BEGIN Dataset records

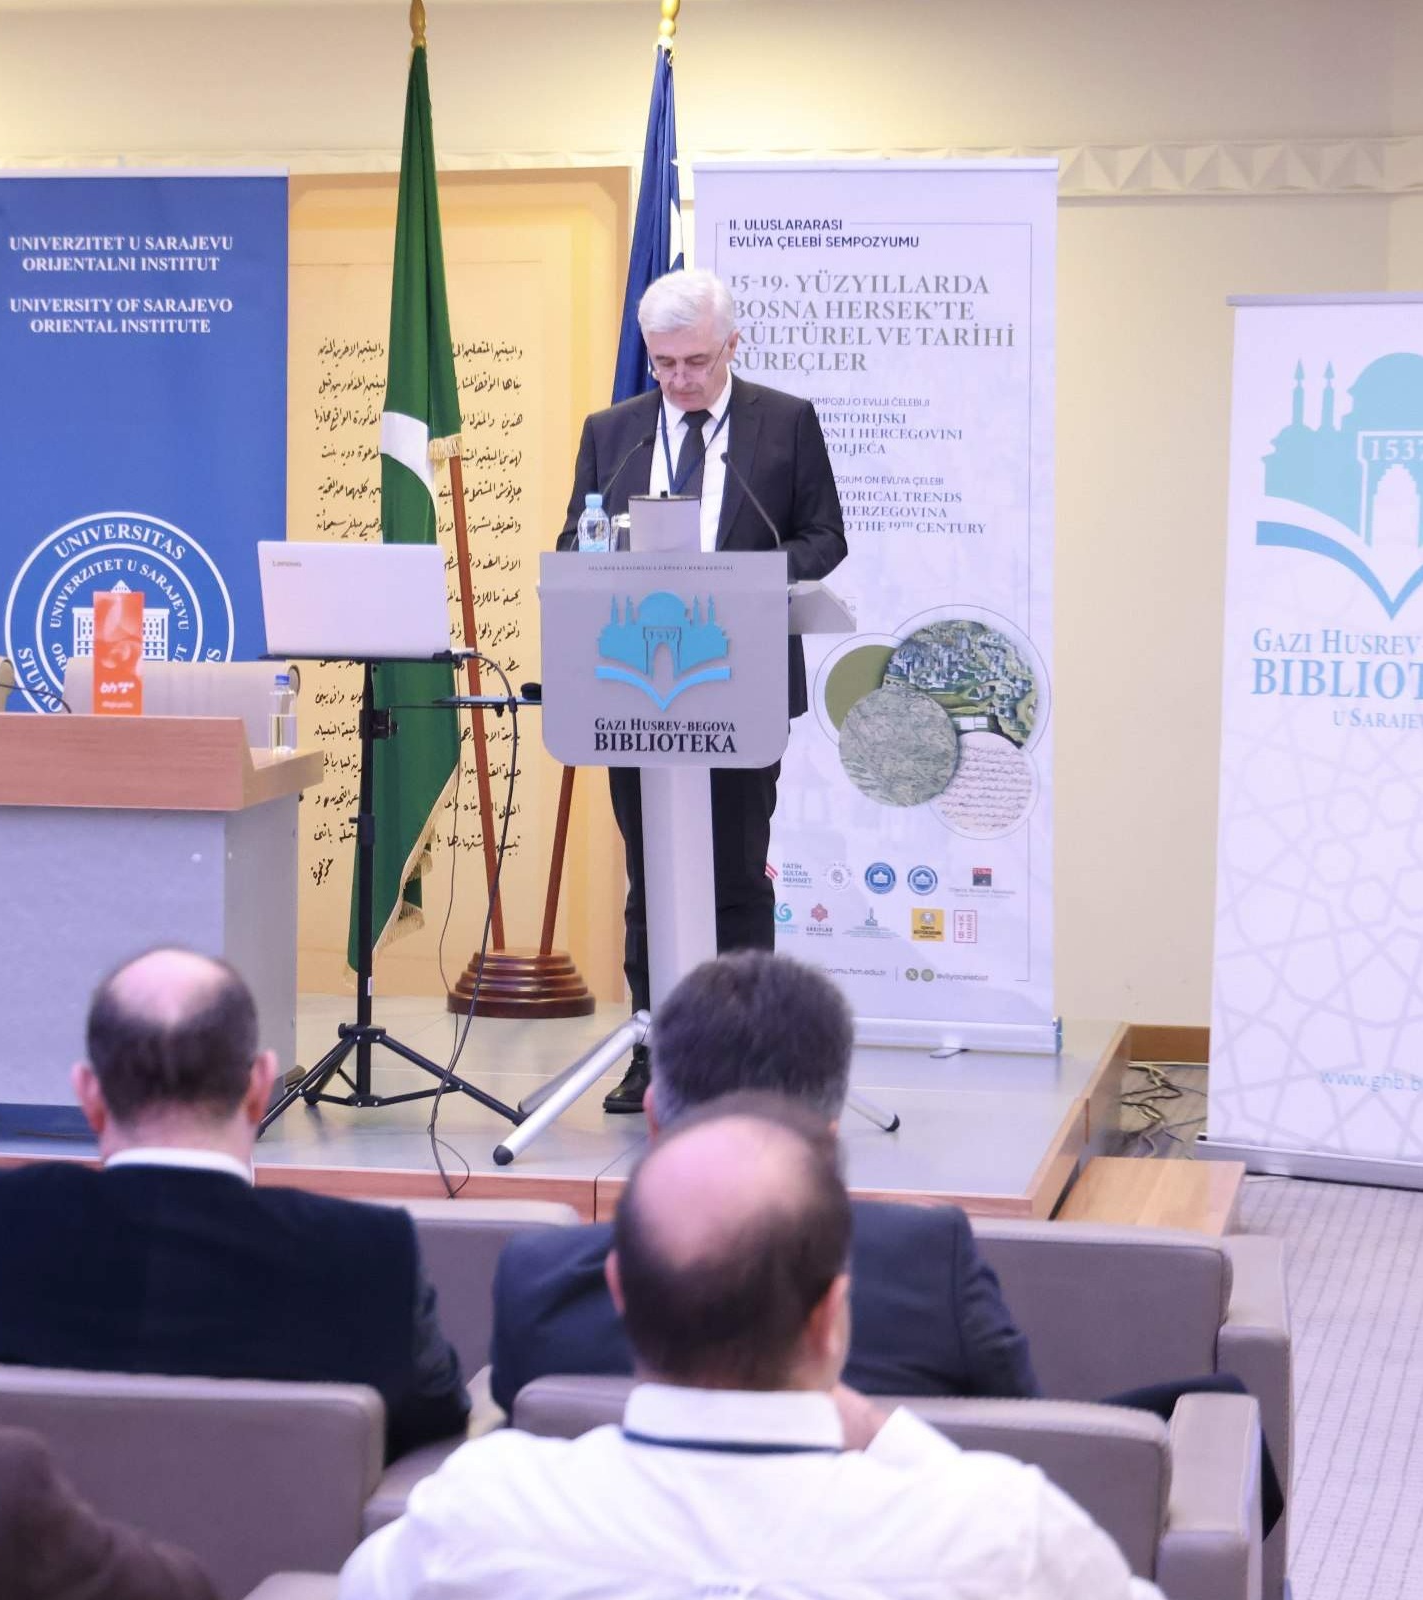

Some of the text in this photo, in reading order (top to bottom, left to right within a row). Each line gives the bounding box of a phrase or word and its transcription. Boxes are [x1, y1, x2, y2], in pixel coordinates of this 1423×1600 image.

[729, 219, 843, 231] II. ULUSLARARASI
[9, 236, 234, 251] UNIVERZITET U SARAJEVU
[729, 234, 920, 250] EVLİYA ÇELEBİ SEMPOZYUMU
[22, 256, 220, 272] ORIJENTALNI INSTITUT
[729, 269, 991, 295] 15-19. YÜZYILLARDA
[9, 298, 233, 313] UNIVERSITY OF SARAJEVO
[734, 300, 818, 320] BOSNA
[30, 318, 211, 334] ORIENTAL INSTITUTE
[876, 326, 912, 347] VE
[911, 323, 1015, 348] TARİHİ
[728, 347, 868, 375] SÜREÇLER
[817, 412, 907, 427] HISTORIJSKI
[824, 428, 846, 439] SNI
[858, 428, 963, 441] HERCEGOVINI
[826, 441, 887, 457] TOLJEĆA
[834, 476, 862, 485] OSIUM
[864, 476, 879, 485] ON
[838, 490, 963, 504] TORICAL TRENDS
[841, 506, 948, 518] HERZEGOVINA
[854, 521, 887, 532] THE
[916, 522, 987, 534] CENTURY
[53, 523, 186, 561] UNIVERSITAS
[49, 558, 190, 631] UNIVERZITET U SARAJEVU
[1321, 629, 1423, 656] HUSREV
[18, 647, 64, 713] STUDIO
[594, 732, 738, 753] BIBLIOTEKA
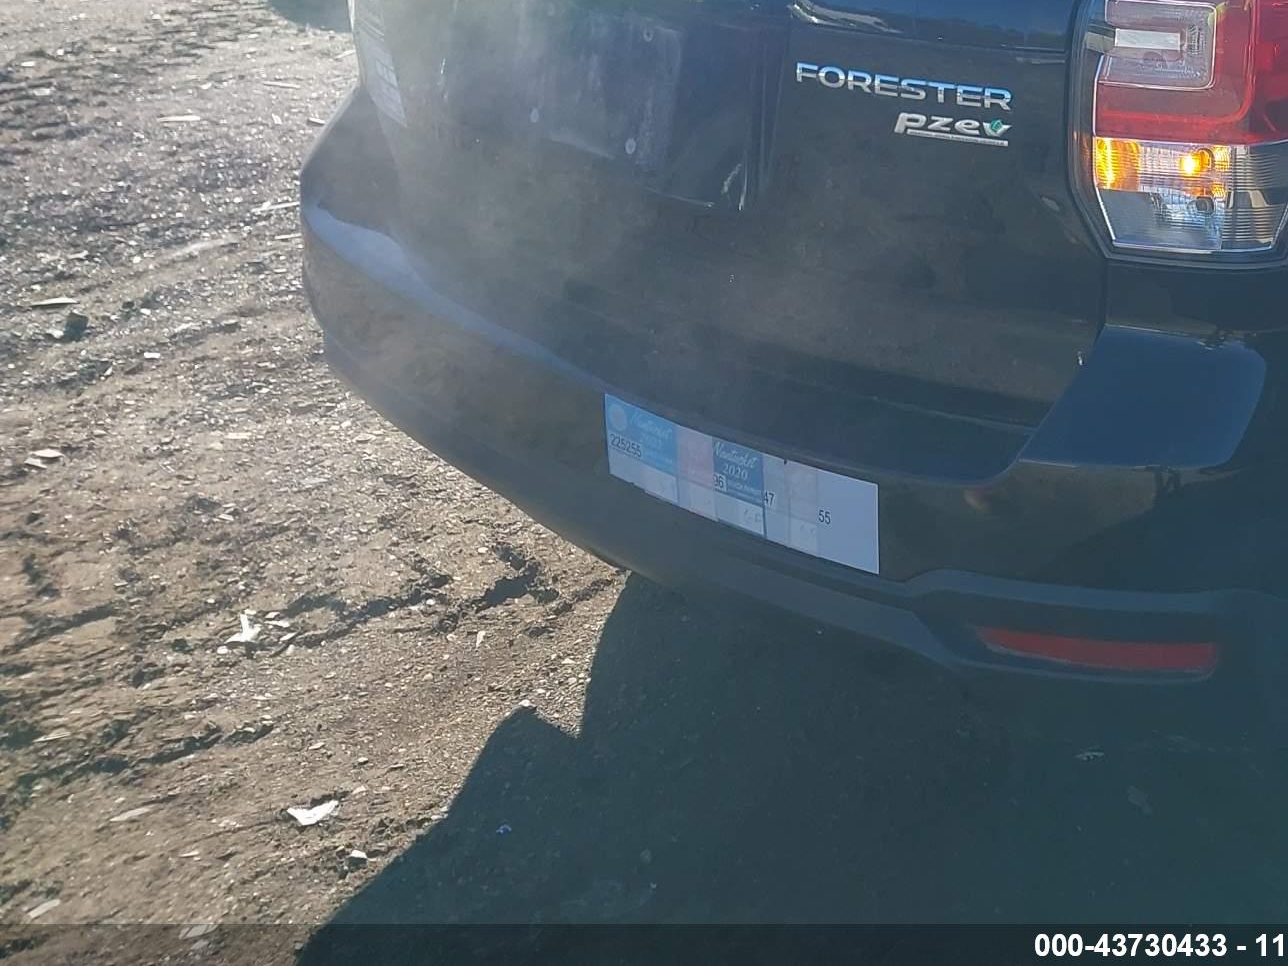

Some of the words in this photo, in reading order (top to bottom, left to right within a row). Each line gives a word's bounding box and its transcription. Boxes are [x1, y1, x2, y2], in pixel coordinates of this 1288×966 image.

[795, 62, 1013, 111] FORESTER
[609, 433, 642, 459] 225255
[722, 463, 749, 481] 2020
[817, 509, 832, 526] 55

END Dataset records

Task to carry out:
Please print each of the records word for word, keeping the pictures out.

Task result:
Some of the text in this photo, in reading order (top to bottom, left to right within a row). Each line gives the bounding box of a phrase or word and its transcription. Boxes are [x1, y1, x2, y2], in pixel coordinates of this 1423×1600 image.

[729, 219, 843, 231] II. ULUSLARARASI
[9, 236, 234, 251] UNIVERZITET U SARAJEVU
[729, 234, 920, 250] EVLİYA ÇELEBİ SEMPOZYUMU
[22, 256, 220, 272] ORIJENTALNI INSTITUT
[729, 269, 991, 295] 15-19. YÜZYILLARDA
[9, 298, 233, 313] UNIVERSITY OF SARAJEVO
[734, 300, 818, 320] BOSNA
[30, 318, 211, 334] ORIENTAL INSTITUTE
[876, 326, 912, 347] VE
[911, 323, 1015, 348] TARİHİ
[728, 347, 868, 375] SÜREÇLER
[817, 412, 907, 427] HISTORIJSKI
[824, 428, 846, 439] SNI
[858, 428, 963, 441] HERCEGOVINI
[826, 441, 887, 457] TOLJEĆA
[834, 476, 862, 485] OSIUM
[864, 476, 879, 485] ON
[838, 490, 963, 504] TORICAL TRENDS
[841, 506, 948, 518] HERZEGOVINA
[854, 521, 887, 532] THE
[916, 522, 987, 534] CENTURY
[53, 523, 186, 561] UNIVERSITAS
[49, 558, 190, 631] UNIVERZITET U SARAJEVU
[1321, 629, 1423, 656] HUSREV
[18, 647, 64, 713] STUDIO
[594, 732, 738, 753] BIBLIOTEKA

Some of the words in this photo, in reading order (top to bottom, left to right within a row). Each line gives a word's bounding box and its transcription. Boxes are [x1, y1, x2, y2], in pixel coordinates of this 1288×966 image.

[795, 62, 1013, 111] FORESTER
[609, 433, 642, 459] 225255
[722, 463, 749, 481] 2020
[817, 509, 832, 526] 55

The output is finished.